<<<<

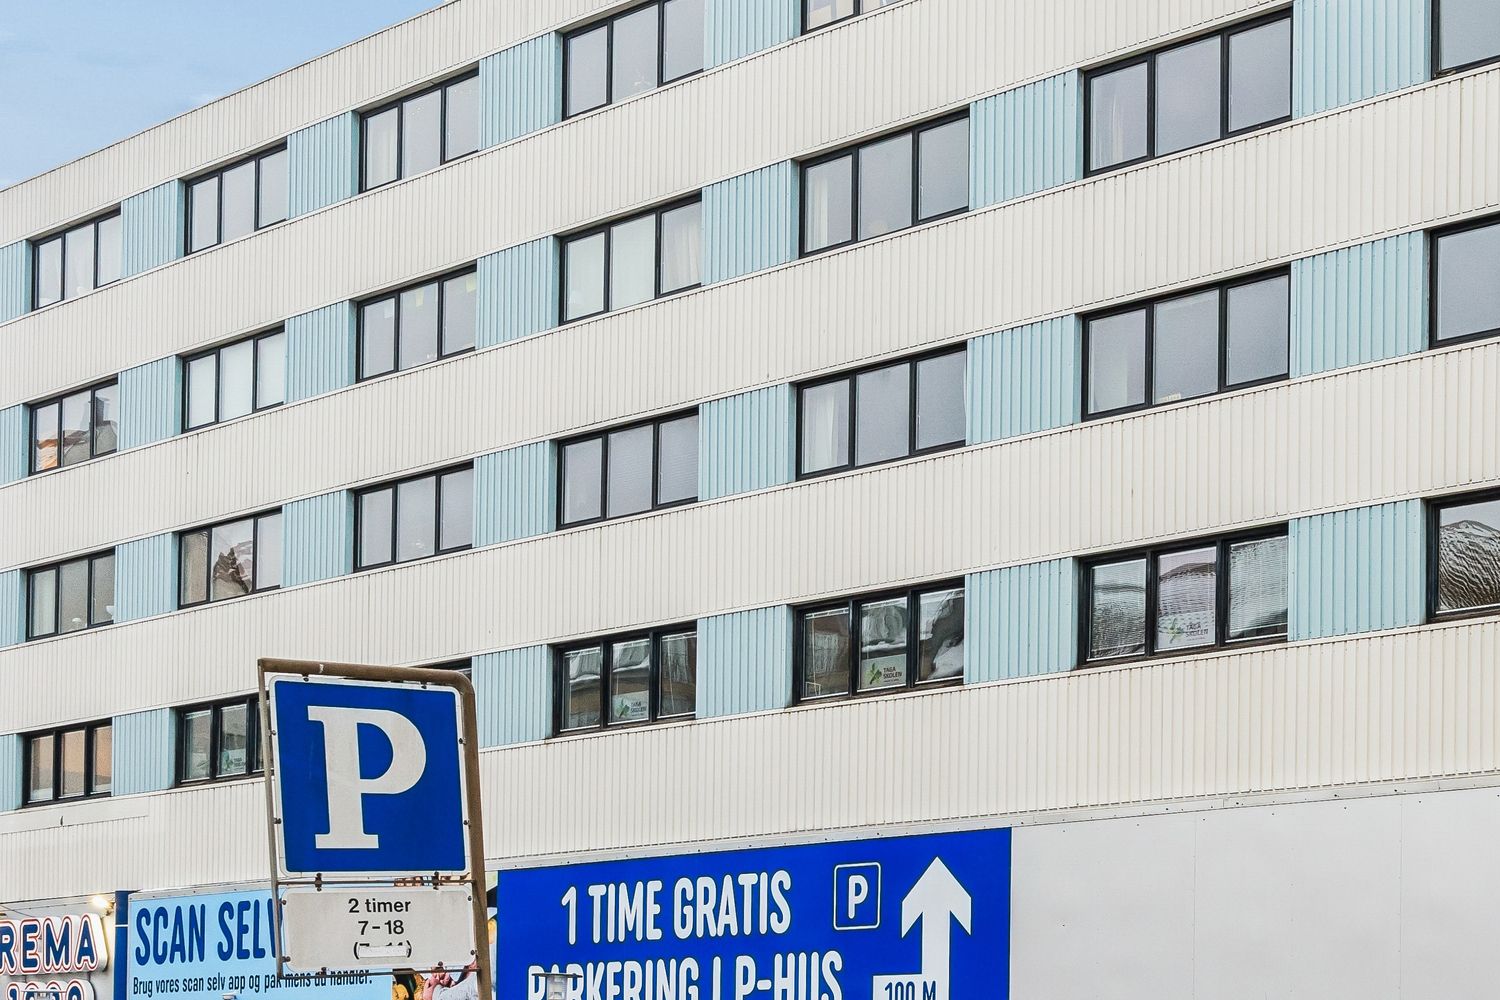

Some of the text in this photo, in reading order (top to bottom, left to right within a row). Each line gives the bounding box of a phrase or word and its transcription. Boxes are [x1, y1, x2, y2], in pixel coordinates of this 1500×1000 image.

[307, 705, 427, 849] P
[348, 898, 411, 913] 2 timer
[561, 870, 791, 944] 1 TIME GRATIS
[848, 875, 868, 919] P
[135, 904, 206, 966] SCAN
[133, 976, 153, 998] Brug
[155, 977, 179, 993] vores
[182, 976, 204, 992] scan
[207, 972, 225, 991] selv
[228, 975, 246, 993] app
[249, 975, 260, 993] og

>>>>

* EXERCISE AIM: The task requires the full listing to be given again verbatim, without its pictures.

* EXERCISE SOLUTION:
Some of the text in this photo, in reading order (top to bottom, left to right within a row). Each line gives the bounding box of a phrase or word and its transcription. Boxes are [x1, y1, x2, y2], in pixel coordinates of this 1500×1000 image.

[307, 705, 427, 849] P
[348, 898, 411, 913] 2 timer
[561, 870, 791, 944] 1 TIME GRATIS
[848, 875, 868, 919] P
[135, 904, 206, 966] SCAN
[133, 976, 153, 998] Brug
[155, 977, 179, 993] vores
[182, 976, 204, 992] scan
[207, 972, 225, 991] selv
[228, 975, 246, 993] app
[249, 975, 260, 993] og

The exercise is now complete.